Things we'd need to do to use these in pipelines:

  1. Update nf-core tools linting
  2. Add singularity.ociAutoPull and apptainer.ociAutoPull
  3. Bump Nextflow versions to 23.12.0-edge

Bonus points:

  1. Use the biocontainers script to make containers public automatically
  2. Maybe consolidate images to be one environment per tool (ie we don't really need 2 different bowtie2 environments, it's just one extra dependancy)
  3. Point at a different container backend that has a better uptime.
  4. Clean up #4306 and make version bumping happen automatically.

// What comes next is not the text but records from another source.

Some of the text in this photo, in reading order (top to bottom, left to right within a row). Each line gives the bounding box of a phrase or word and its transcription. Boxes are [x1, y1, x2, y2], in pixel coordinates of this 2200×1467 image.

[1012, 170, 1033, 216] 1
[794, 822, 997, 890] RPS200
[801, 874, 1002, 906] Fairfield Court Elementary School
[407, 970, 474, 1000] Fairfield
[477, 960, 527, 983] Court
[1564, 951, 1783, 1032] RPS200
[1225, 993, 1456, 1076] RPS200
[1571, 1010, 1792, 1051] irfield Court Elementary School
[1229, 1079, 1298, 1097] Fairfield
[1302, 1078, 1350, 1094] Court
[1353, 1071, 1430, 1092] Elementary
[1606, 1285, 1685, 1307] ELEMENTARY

edmundmiller avatar Feb 16 '24 17:02 edmundmiller

3. Bump Nextflow versions to 23.12.0-edge

I feel a bit nervous about this for production pipelines. Can do the prep work but might be nice to wait for the next stable release at least.

ewels avatar Feb 16 '24 19:02 ewels

Awesome work 🚀

mahesh-panchal avatar Feb 16 '24 19:02 mahesh-panchal

I feel a bit nervous about this for production pipelines. Can do the prep work but might be nice to wait for the next stable release at least.

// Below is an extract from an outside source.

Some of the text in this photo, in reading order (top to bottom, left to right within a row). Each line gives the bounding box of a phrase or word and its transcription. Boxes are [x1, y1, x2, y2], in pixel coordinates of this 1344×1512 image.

Agreed, hopefully 24.04.0 will be out at the beginning of April rather than the end of April 😉

edmundmiller avatar Feb 19 '24 16:02 edmundmiller

I think we can resume this effort as of nextflow 24.03.0-edge nextflow support wave community registry which allows you to build images without providing a custom (password-protected) container registry. Just remove wave.build.repository in your setting

pditommaso avatar Apr 24 '24 17:04 pditommaso

https://github.com/seqeralabs/wave-cli/commit/c798f283f5d5c0b94de3f2a44455f6c68e4d7462 Might be useful.

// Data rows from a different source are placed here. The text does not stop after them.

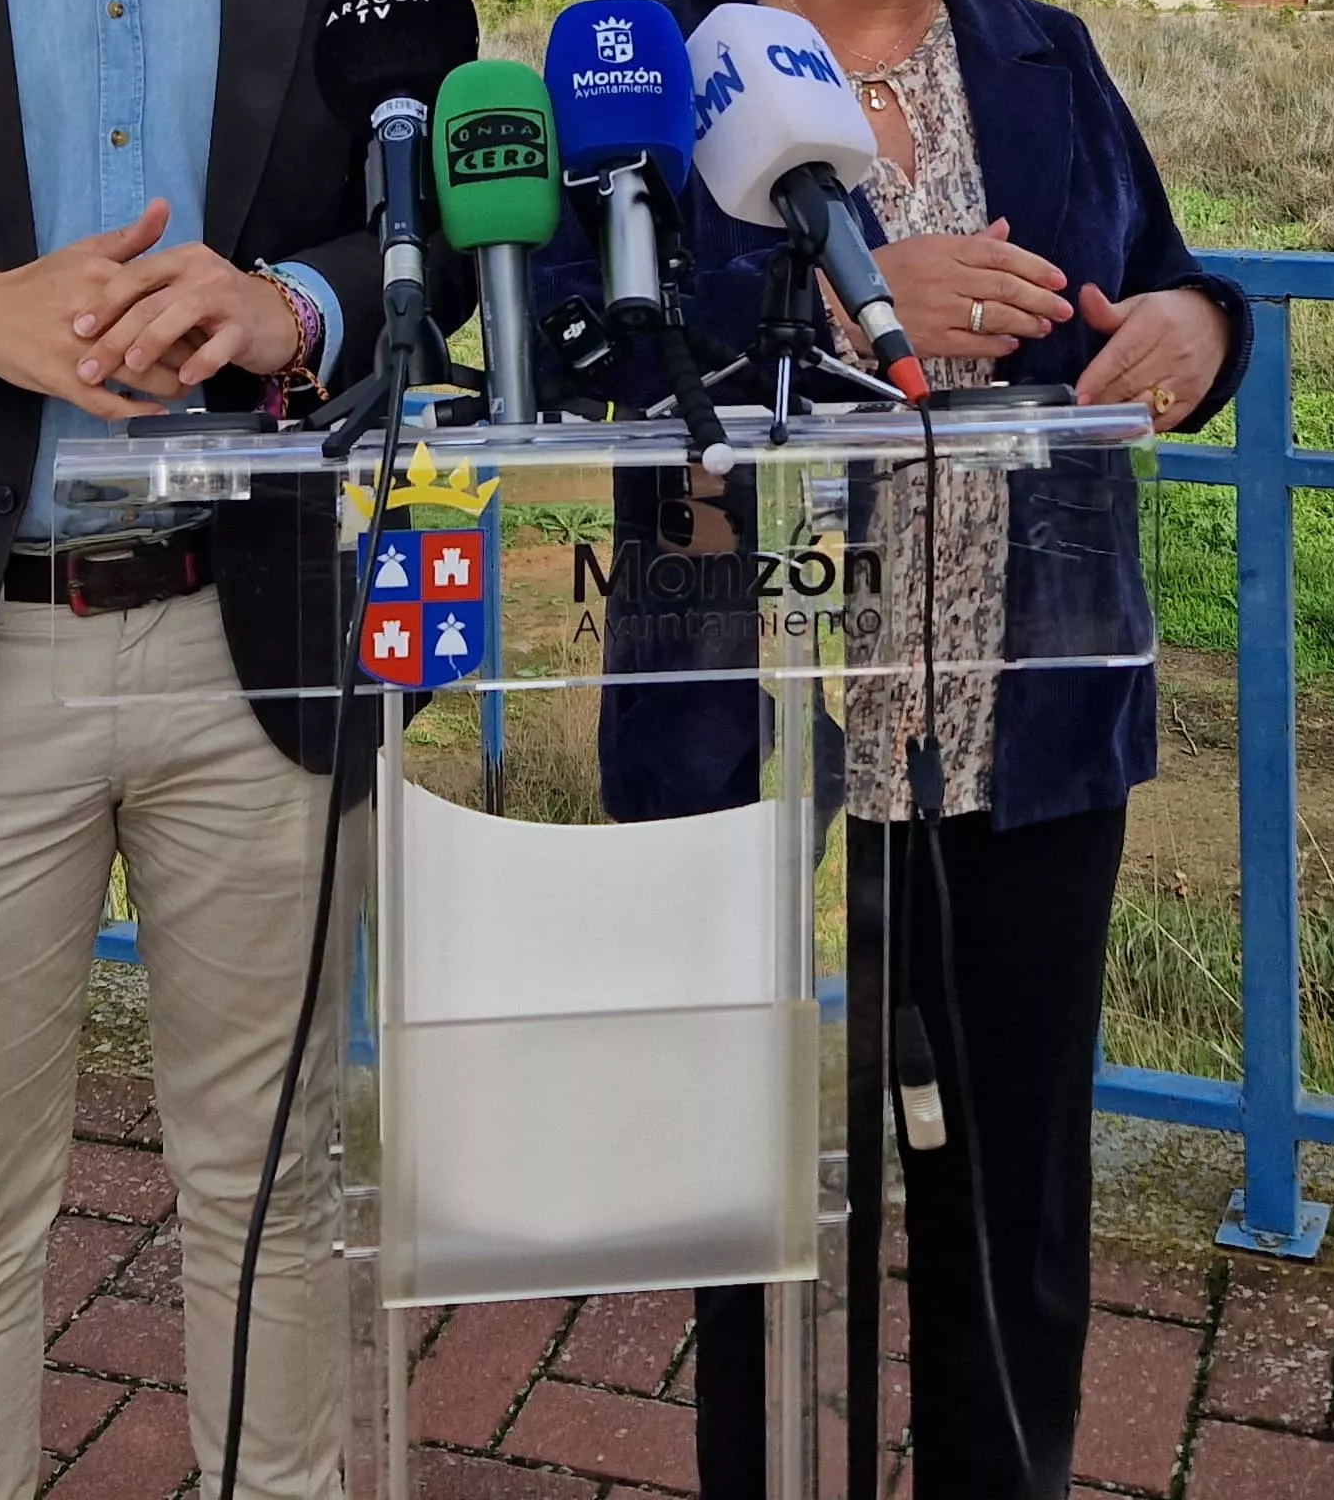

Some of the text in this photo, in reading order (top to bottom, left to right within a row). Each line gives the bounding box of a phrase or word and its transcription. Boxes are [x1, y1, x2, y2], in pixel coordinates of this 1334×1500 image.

[356, 3, 391, 24] TV
[766, 44, 842, 88] CMN
[572, 66, 662, 90] Monzón
[574, 83, 663, 100] Ayuntamiento
[459, 124, 533, 142] ONDA
[463, 148, 538, 171] CERO
[573, 533, 882, 603] Monzón
[573, 604, 883, 644] Ayuntamiento
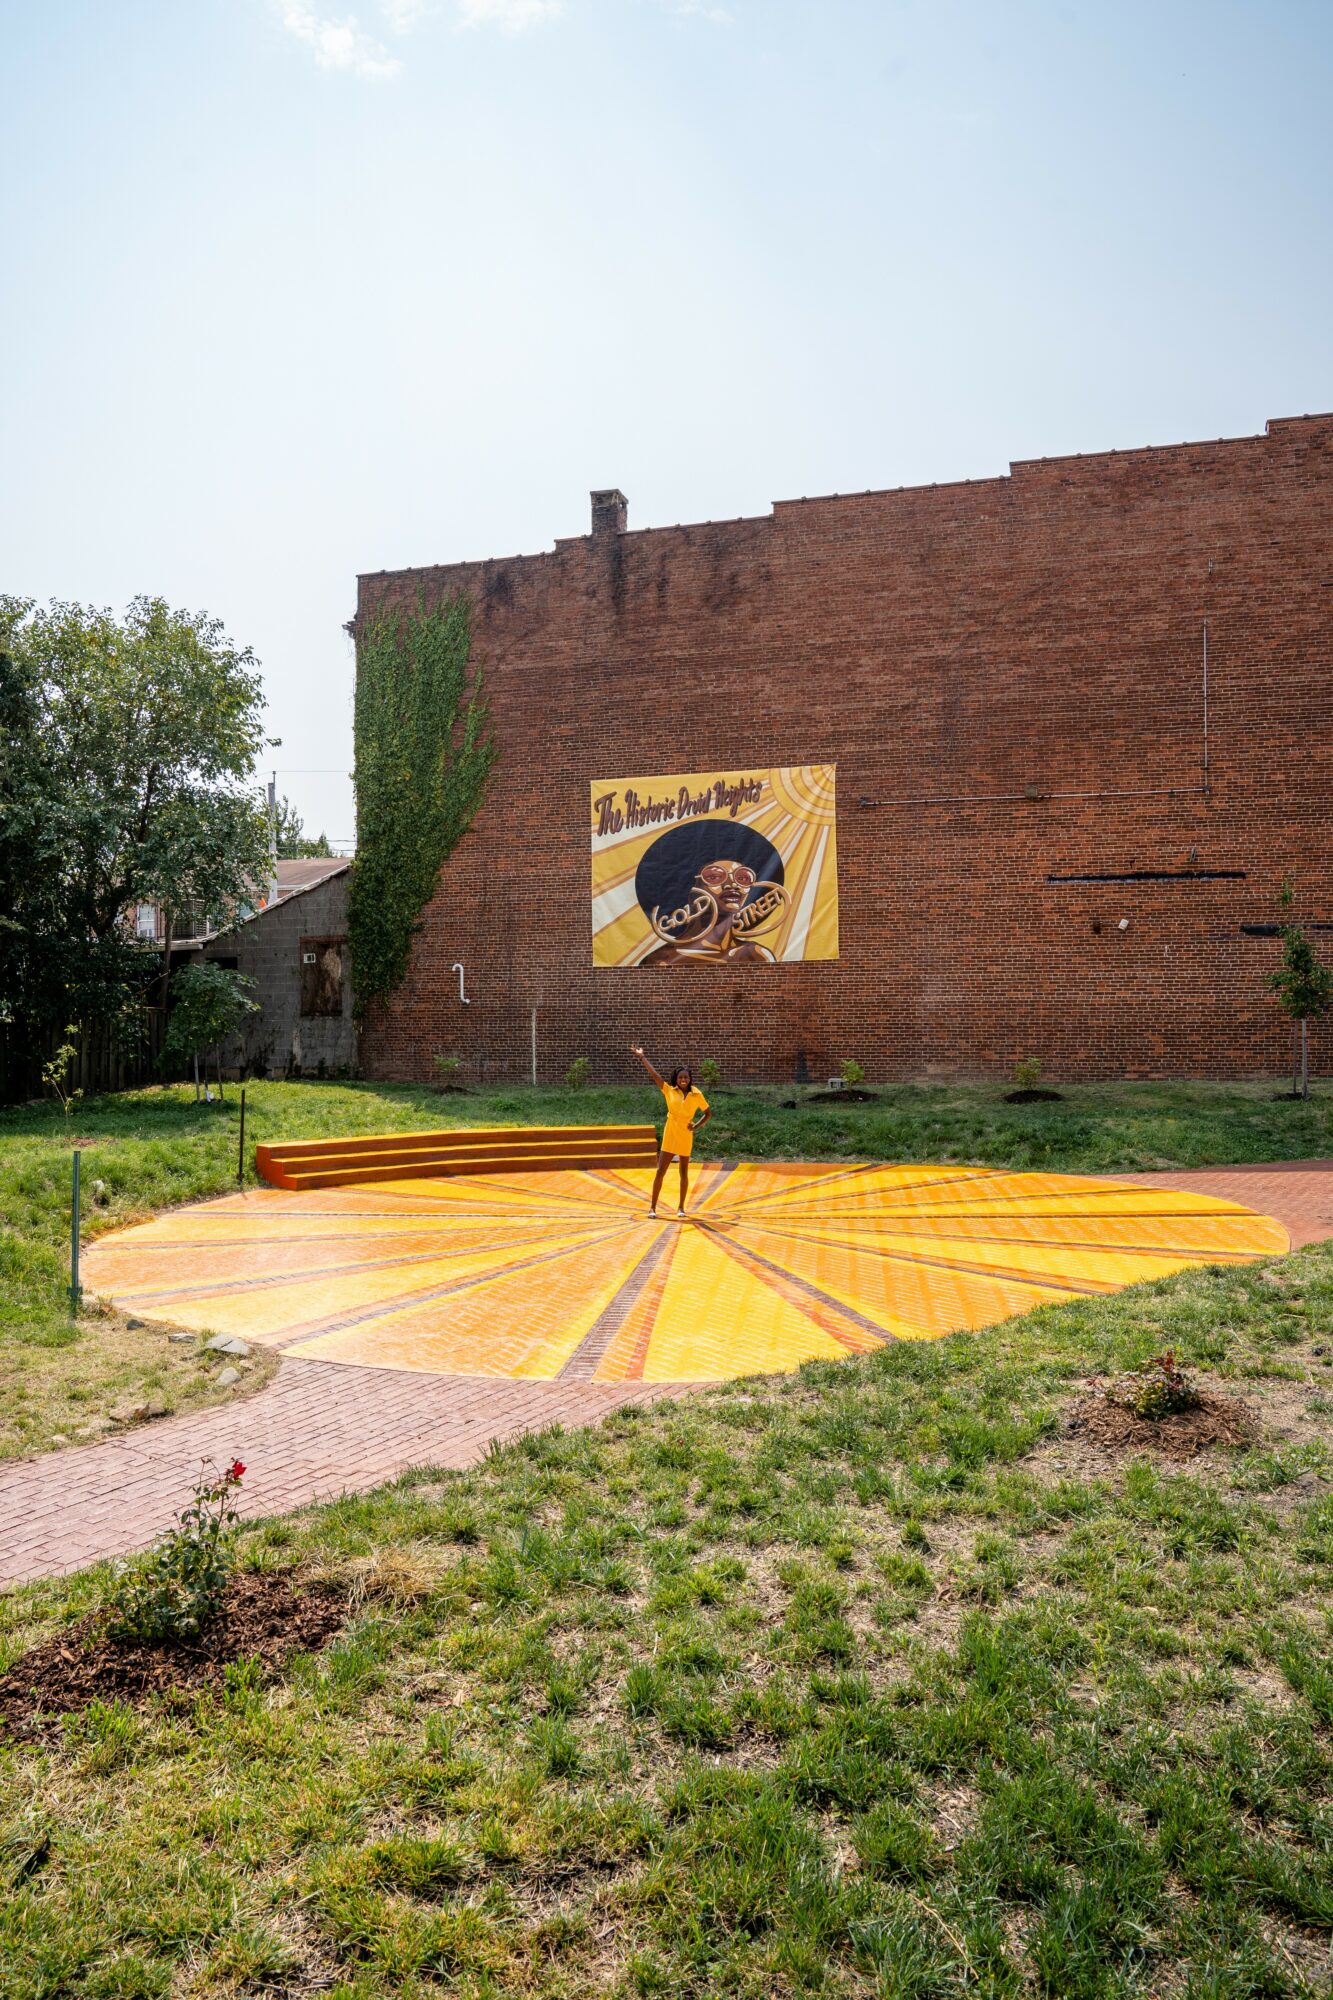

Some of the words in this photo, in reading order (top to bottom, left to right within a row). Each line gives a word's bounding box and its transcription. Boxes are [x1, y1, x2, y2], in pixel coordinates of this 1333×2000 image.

[594, 791, 624, 837] The
[625, 789, 675, 829] Historic
[677, 786, 712, 819] Druid
[713, 778, 762, 817] Heights
[658, 895, 711, 932] GOLD
[732, 888, 784, 931] STREET

Currently swapped the environment names:

+ name: htslib_samtools
- name: samtools_view

Personally think this is a better naming structure so we don't have an environment that could be the same. samtools_view samtools_sort, etc.

edmundmiller avatar Jun 11 '24 21:06 edmundmiller

setting Image
imageSuffix community.wave.seqera.io/library:htslib_samtools--9bc8b2f12954060b
tagPrefix community.wave.seqera.io/library/build:htslib_samtools--a81ec36ed9046273
none community.wave.seqera.io/library/build:htslib_samtools--a81ec36ed9046273
-- --
No env name community.wave.seqera.io/library/htslib_samtools:1.20--11a4e6daa46930ec
env name* community.wave.seqera.io/library/htslib_samtools:9bc8b2f12954060b
Seqera containers community.wave.seqera.io/library/htslib_samtools:1.20--11a4e6daa46930ec

So there are two options here.

  1. Change the Seqera containers default to remove the 1.20.
  2. Add the option to wave-cli to generate it with a version in the tag even with env_name.
  3. Get rid of the env names.

I think 2 is best option to avoid work/conda/environment-764620c334b2a2c557b6a7deec235610 which can make them difficult to find.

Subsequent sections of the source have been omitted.